Faculty Advisor: Holly Wichman and Craig Miller
Using ΦX174 to model recovery of attenuated viral vaccines
Live, attenuated viral vaccines, like the influenza vaccine, have been used for many years to effectively reduce the threat of infectious diseases. However, some of these attenuated viruses are only a few mutations away from regaining virulence. This study uses bacteriophage ΦX174, a virus that infects bacteria, to model the effects that different types and levels of attenuation have on the recovery of the phage back to a more virulent form. Data gathered from this experiment can be used to design attenuated vaccines that are safer and more robust. A set of seven attenuated phage constructs, three each with attenuation in a single gene and the remainder with those genes combined in every possible configuration. Each phage construct was evolved individually, over five generations, by passaging in liquid culture. Each construct was grown to high titer to ensure the highest possible chance of evolving a fitness-increasing mutation.
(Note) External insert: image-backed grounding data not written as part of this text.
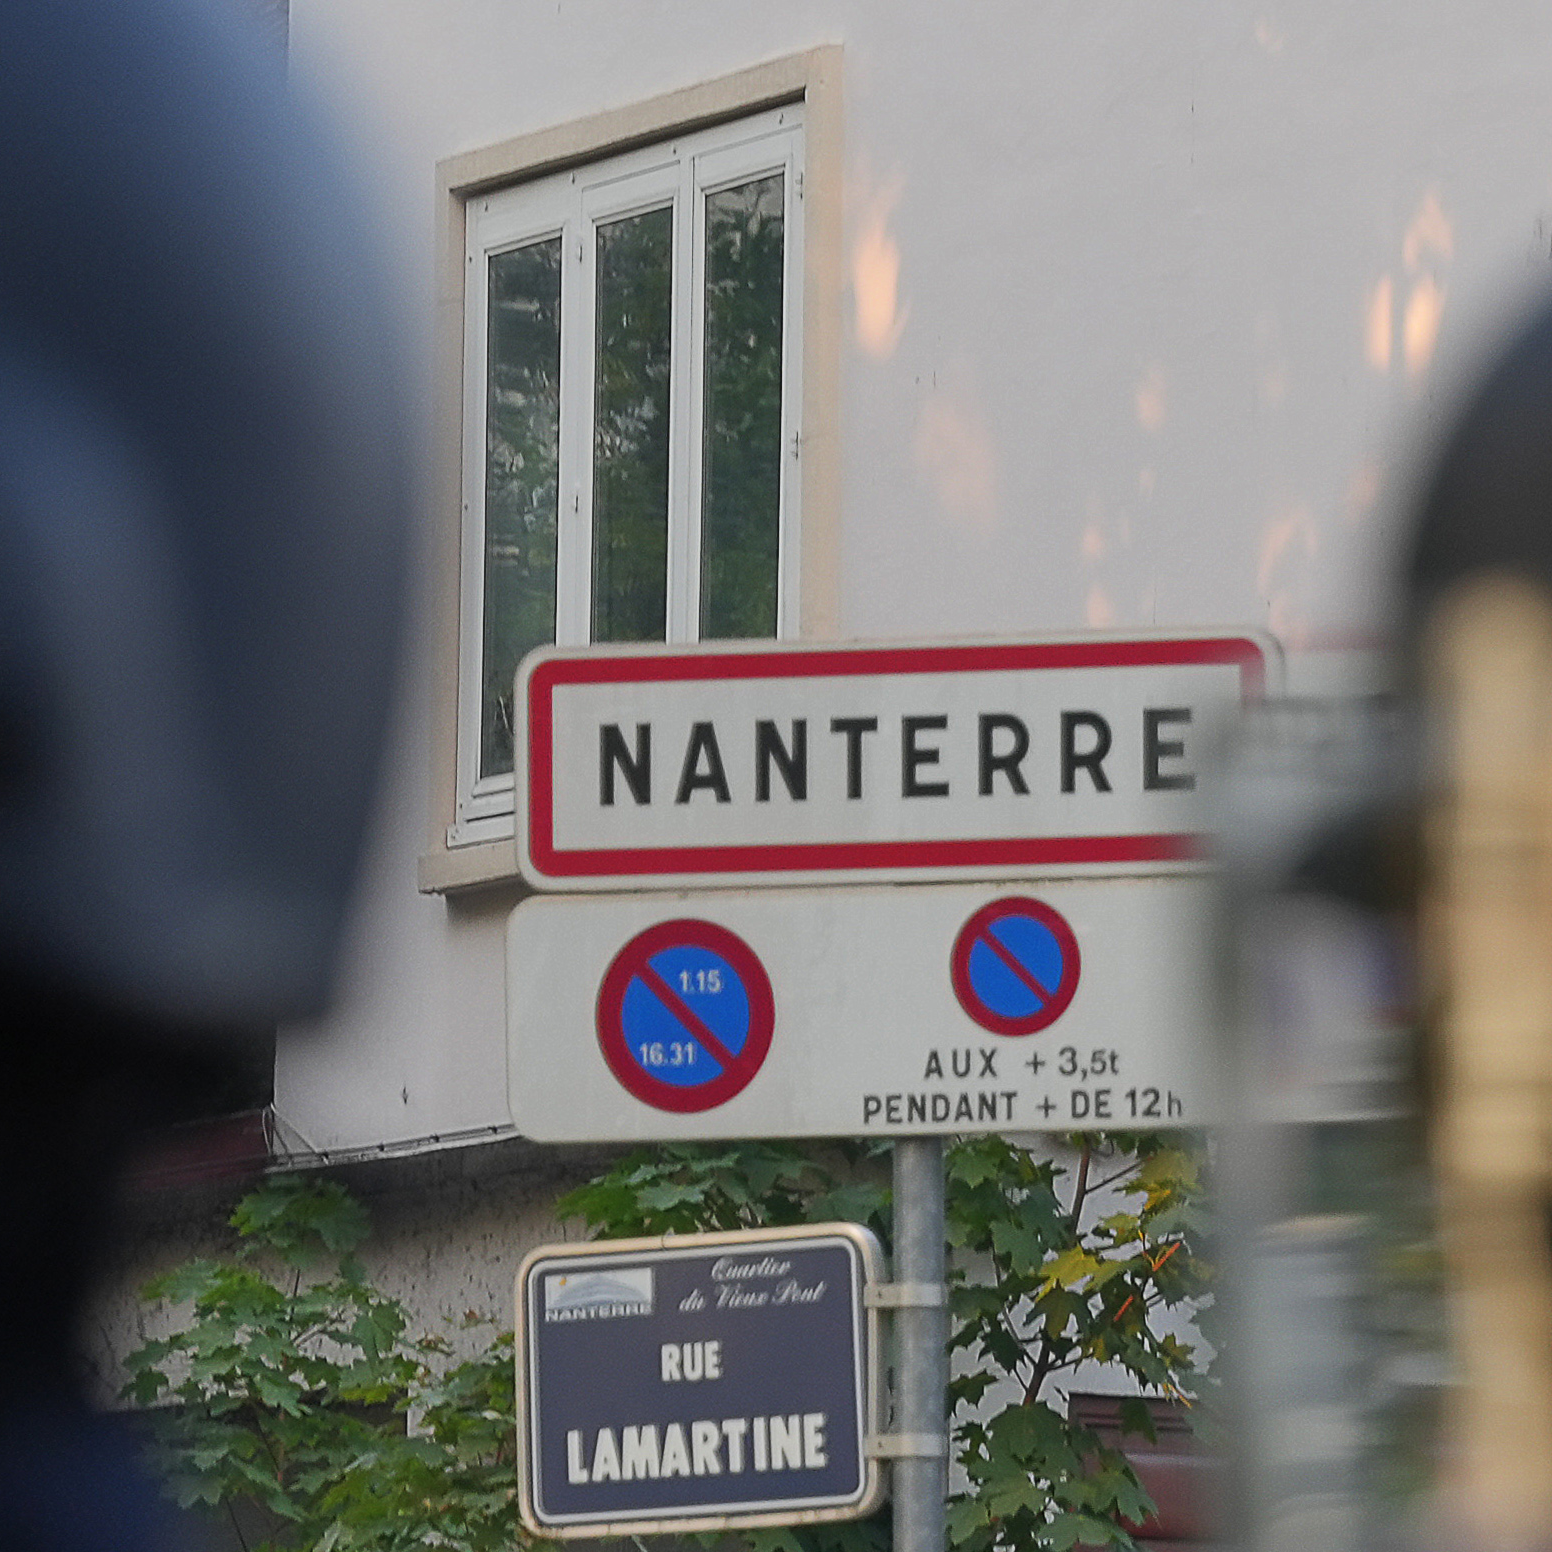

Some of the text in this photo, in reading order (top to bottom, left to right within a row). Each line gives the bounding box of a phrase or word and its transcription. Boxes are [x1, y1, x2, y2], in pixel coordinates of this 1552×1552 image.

[599, 707, 1196, 806] NANTERRE
[638, 1041, 696, 1067] 16.31
[924, 1047, 1120, 1081] AUX + 3,5t
[862, 1088, 1183, 1125] PENDANT + DE 12h
[711, 1257, 792, 1280] Quartier
[678, 1289, 704, 1312] du
[661, 1340, 721, 1382] RUE
[567, 1412, 827, 1485] LAMARTINE
After each generation, the resulting phage population was plated to determine if the titer increased, and to visually look for mutant plaques, cleared areas of the lawn where a phage infected a host cell. This study found that of the seven constructs tested, only three resulted in increased fitness by the fifth passage. There also appeared to be a negative correlation between fitness of the starting construct before evolution, and how quickly the construct showed recovery. Further testing, including sequencing of putative mutants isolated from the passaging, will help us understand the relationship between viral recovery and degree of attenuation.